HARVESTING a marine pest is paying dividends for a Tasmanian entrepreneur, writes SARAH HUDSON

Taking a mid-winter dip in Tasmania's 12C ocean is not most people's idea of fun.

James Ashmore, though, begs to differ, saying it's one of the delights of life and a perk of his job.

"It's great fun and so beautiful. You'd only want to go diving in winter in Tasmania because it's so clear and healthy," James says.

"Anywhere north of the latitude of Mildura the algae dies off and the coral starts and so south of that there's no coral, but you'll find bull kelp as thick as your dad's arm."

Beautiful it may be, but it's the profitability of algae that sees the 46-year-old brave the glacial waters.

James - who is the owner of Ashmore Foods Tasmania, which specialises in trading oysters and salmon - has taken to diving in order to harvest an unusual crop of seaweed: undaria pinnatifida, or undaria as it is commonly known.

Lovers of sushi and Japanese cuisine will be more familiar with the seaweed's fronds, called wakame, a subtly sweet flavoured green sea vegetable used in salads and soups.

Chefs are more familiar with the seaweed's gelatinous root section, called mekabu, used to thicken stocks and stews, as well as products from ice cream to beer.

Native to the shores of Japan, Korea and China, the highly nutritious undaria is nonetheless an invasive species to Australia.

It was first identified in Tasmania in 1988 and is believed to have been introduced via ship's ballast.

"Scientists have since found it's most prevalent where it finds new territory. Where it's established for a few years it starts to find a niche and blends in," James says.

"So in the short-term it causes critical damage, but it's not as invasive long term, when other plants start to resurrect."

In 2011, James saw a silver lining to undaria's spread and decided to apply for a permit with Tasmania's Department of Primary Industries to harvest the plant.

Being an invasive species that easily spreads, he says only licensed holders can harvest undaria under strict conditions.

He now harvests alongside Hobart's Marinova, which manufactures seaweed for health products.

James, who opened Ashmores in 2004, has started his seaweed business tentatively, processing both the mekabu for chefs - including celebrity chef Simon Bryant and Melbourne's MoVida chef Frank Camorra - as well as the wakame for the local Japanese food market.
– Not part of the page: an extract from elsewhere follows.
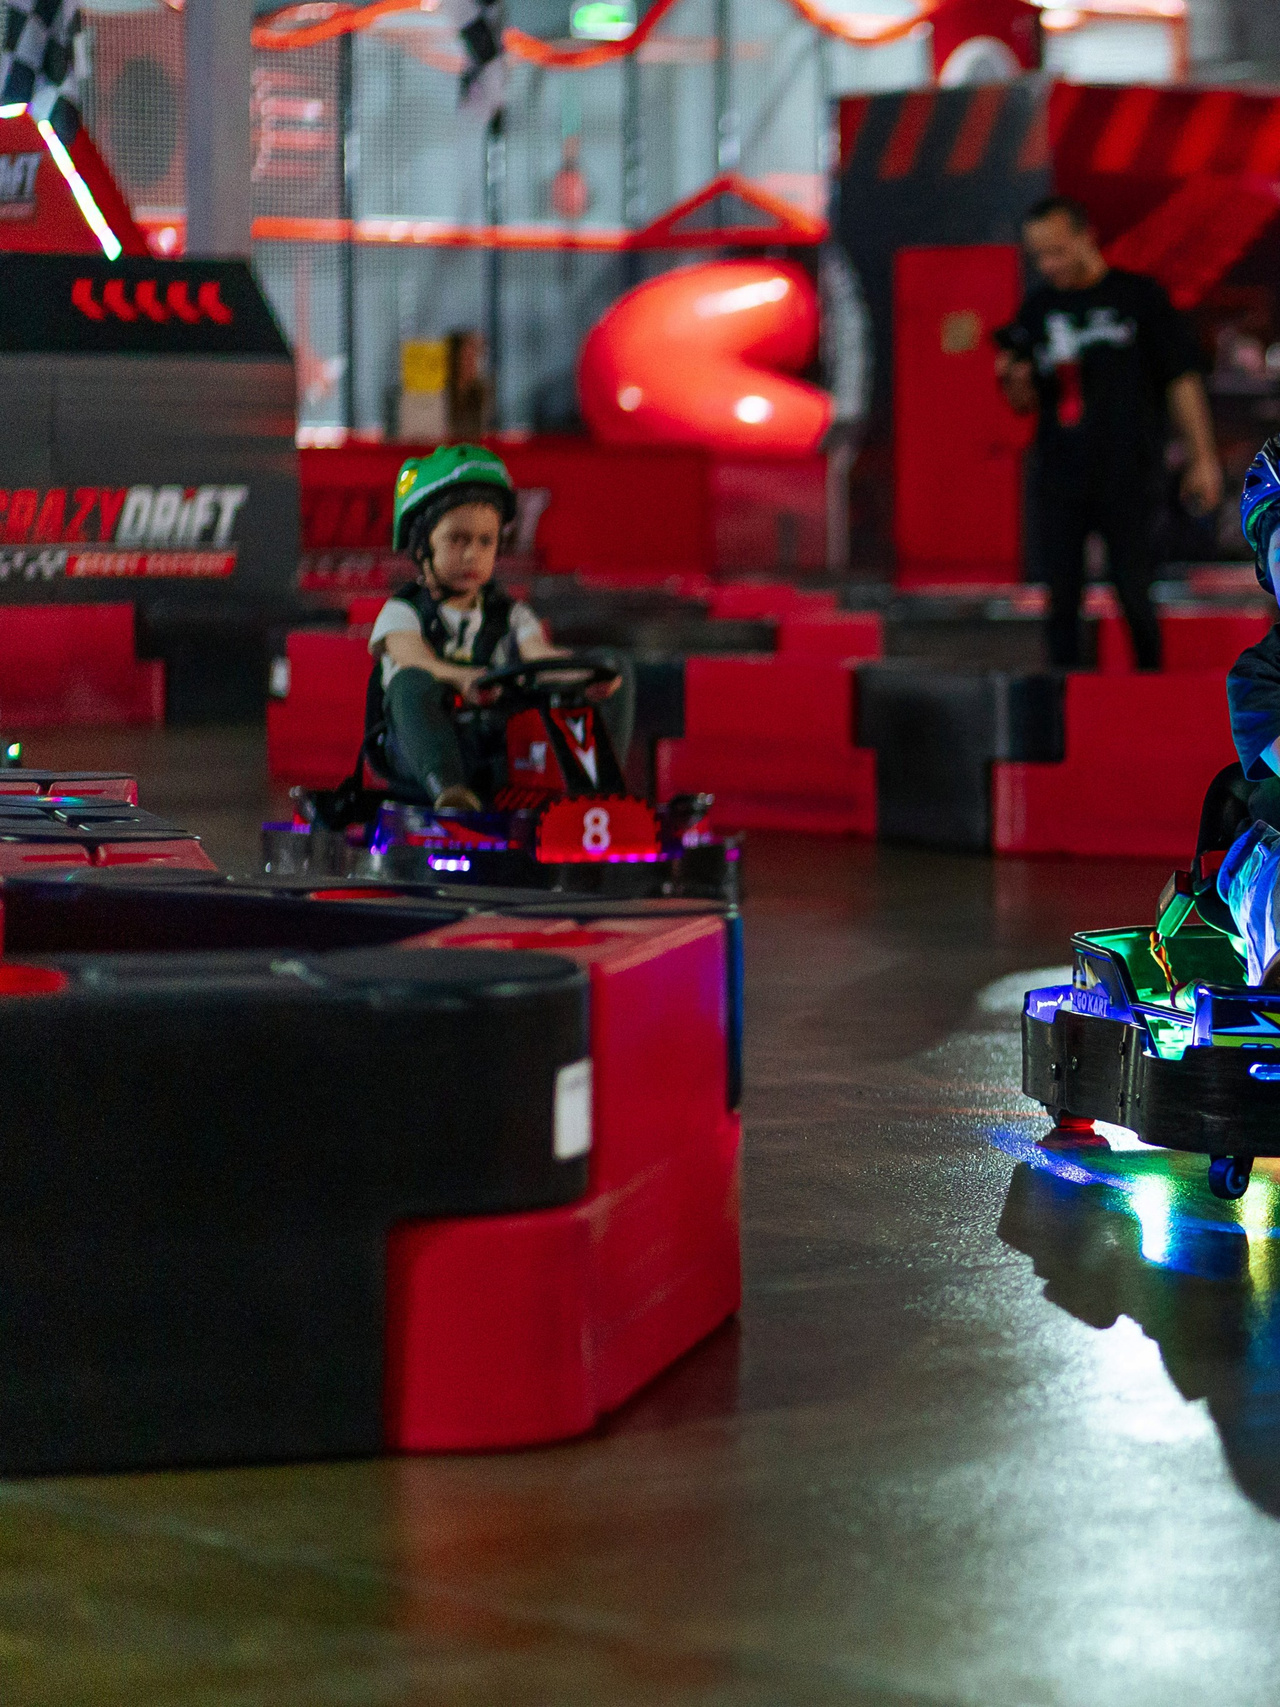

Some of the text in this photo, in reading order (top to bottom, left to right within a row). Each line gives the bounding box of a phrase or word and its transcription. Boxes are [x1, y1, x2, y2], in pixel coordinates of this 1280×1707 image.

[582, 807, 611, 852] 8
[1077, 992, 1108, 1017] GO KART
This year he plans to expand the business, value-adding to the wakame with ready-to-eat salads and dried product, and making a consumer-friendly mekabu, rather than the commercial quantities he sells to chefs.

Once harvested from the sea, it is brought to Ashmore's Hobart factory where it is separated, graded and blanched.

James, who grew up on the waters around Tasmania, spent periods working in an oyster, salmon and abalone farm before taking a job as a sales manager for Simon Johnson in Sydney, "learning more about food in three or four years than I could learn outside in a lifetime".

James has a quintessential Tasmanian life, combining food and outdoor activities that most mainlanders would kill for.

And in his spare time he takes to the kitchen.

"I chop up the wakame and toss it in sesame oil and sesame seeds and chilli," he says. "And I made a Scottish nage sauce using mekabu the other day, serving it with fresh crayfish."